> [Work to be completed]: Output only this range of the data below: the line that contains "Some of the words" through the final line, both ends included, each retyped exactly.

Stored entries
______

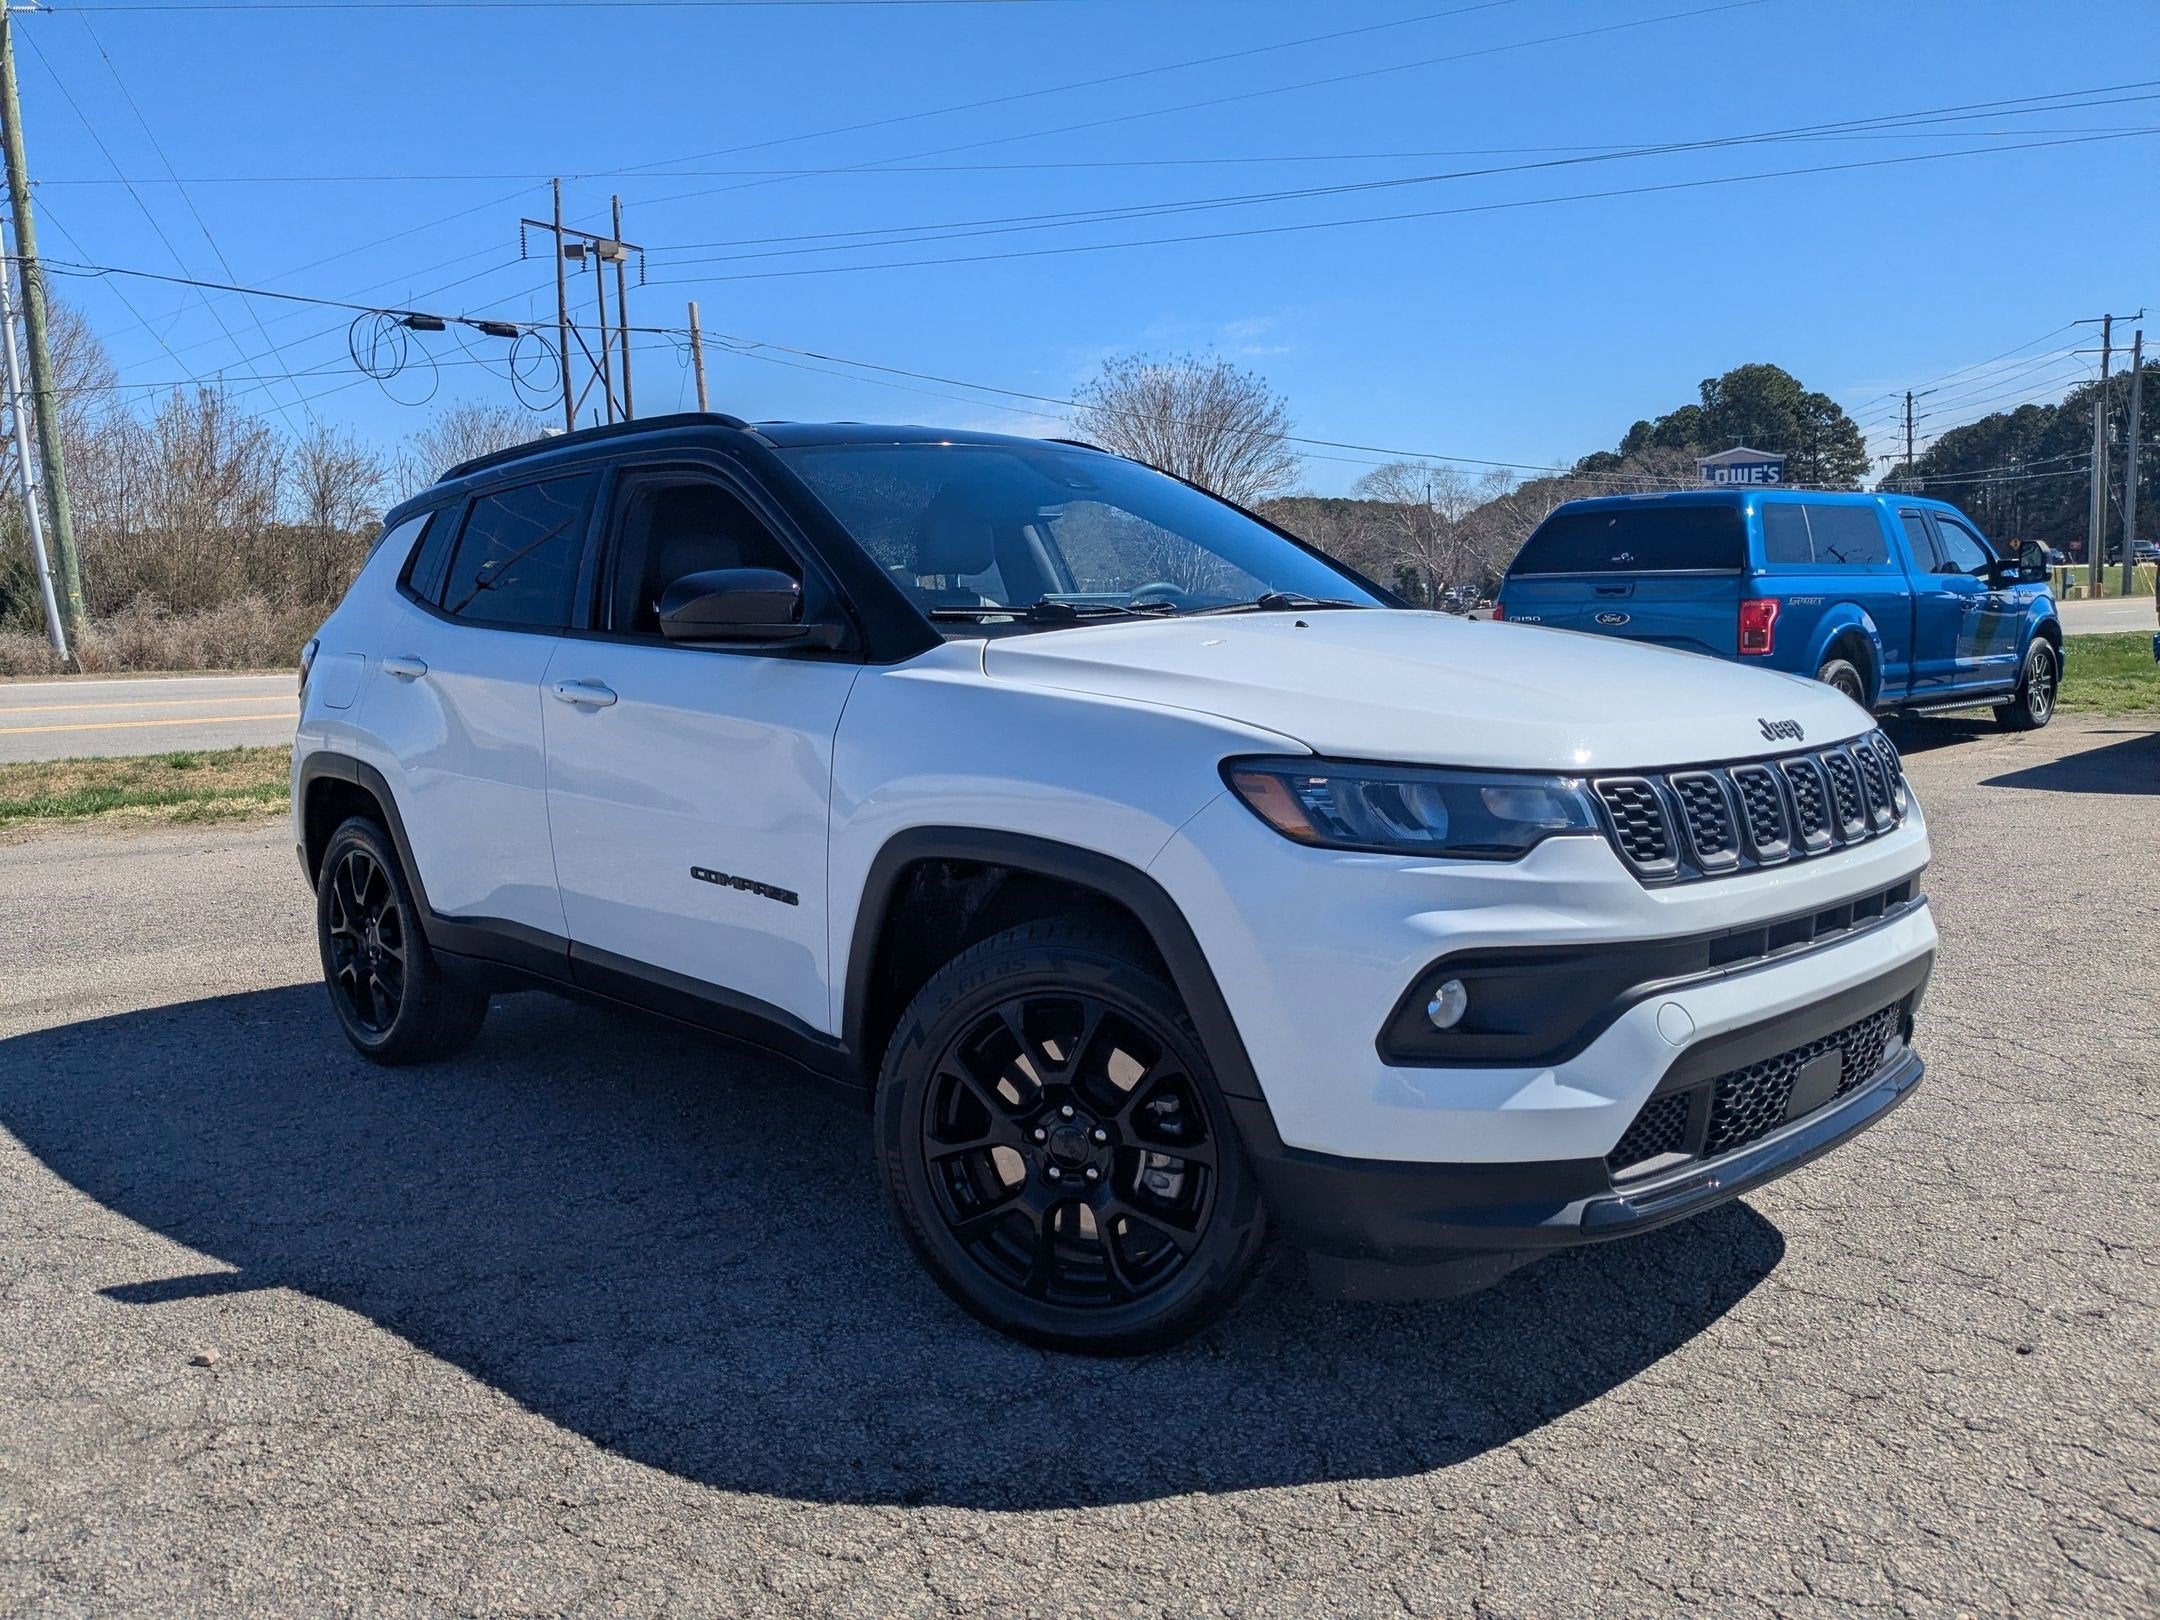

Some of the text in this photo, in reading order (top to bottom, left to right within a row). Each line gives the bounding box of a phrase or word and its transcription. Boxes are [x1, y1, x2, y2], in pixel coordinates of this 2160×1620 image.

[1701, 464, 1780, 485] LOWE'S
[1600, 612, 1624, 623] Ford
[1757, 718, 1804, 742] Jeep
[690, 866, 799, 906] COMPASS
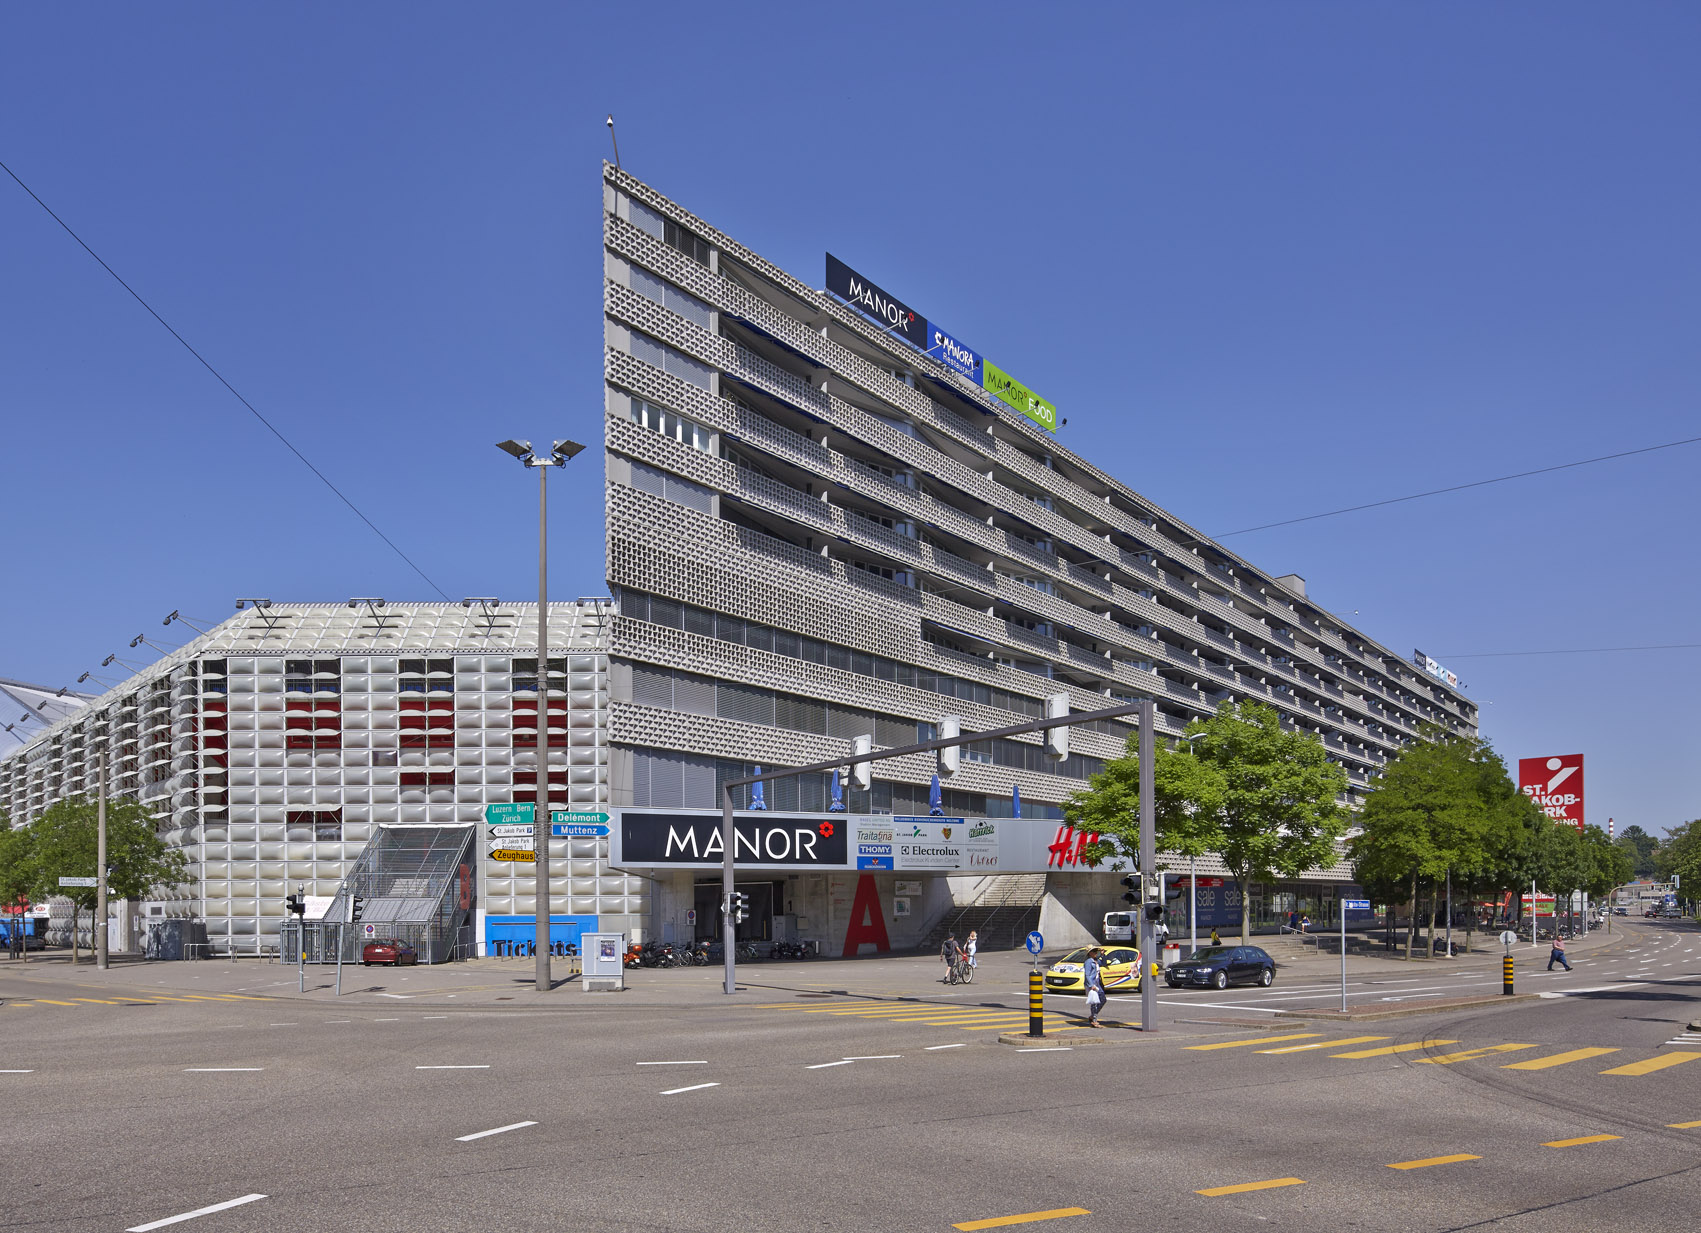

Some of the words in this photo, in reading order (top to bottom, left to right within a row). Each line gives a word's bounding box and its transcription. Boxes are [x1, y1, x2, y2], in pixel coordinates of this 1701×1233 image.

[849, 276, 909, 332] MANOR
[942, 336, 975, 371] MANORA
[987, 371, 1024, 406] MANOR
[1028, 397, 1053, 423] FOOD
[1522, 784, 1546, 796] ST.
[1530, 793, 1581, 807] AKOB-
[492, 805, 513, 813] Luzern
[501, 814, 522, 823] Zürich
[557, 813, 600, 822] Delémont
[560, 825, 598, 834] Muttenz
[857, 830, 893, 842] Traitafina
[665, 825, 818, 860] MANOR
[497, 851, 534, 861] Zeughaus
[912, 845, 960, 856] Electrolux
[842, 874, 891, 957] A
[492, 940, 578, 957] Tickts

______

> [Solution to the exercise]:
Some of the words in this photo, in reading order (top to bottom, left to right within a row). Each line gives a word's bounding box and its transcription. Boxes are [x1, y1, x2, y2], in pixel coordinates of this 1701×1233 image.

[849, 276, 909, 332] MANOR
[942, 336, 975, 371] MANORA
[987, 371, 1024, 406] MANOR
[1028, 397, 1053, 423] FOOD
[1522, 784, 1546, 796] ST.
[1530, 793, 1581, 807] AKOB-
[492, 805, 513, 813] Luzern
[501, 814, 522, 823] Zürich
[557, 813, 600, 822] Delémont
[560, 825, 598, 834] Muttenz
[857, 830, 893, 842] Traitafina
[665, 825, 818, 860] MANOR
[497, 851, 534, 861] Zeughaus
[912, 845, 960, 856] Electrolux
[842, 874, 891, 957] A
[492, 940, 578, 957] Tickts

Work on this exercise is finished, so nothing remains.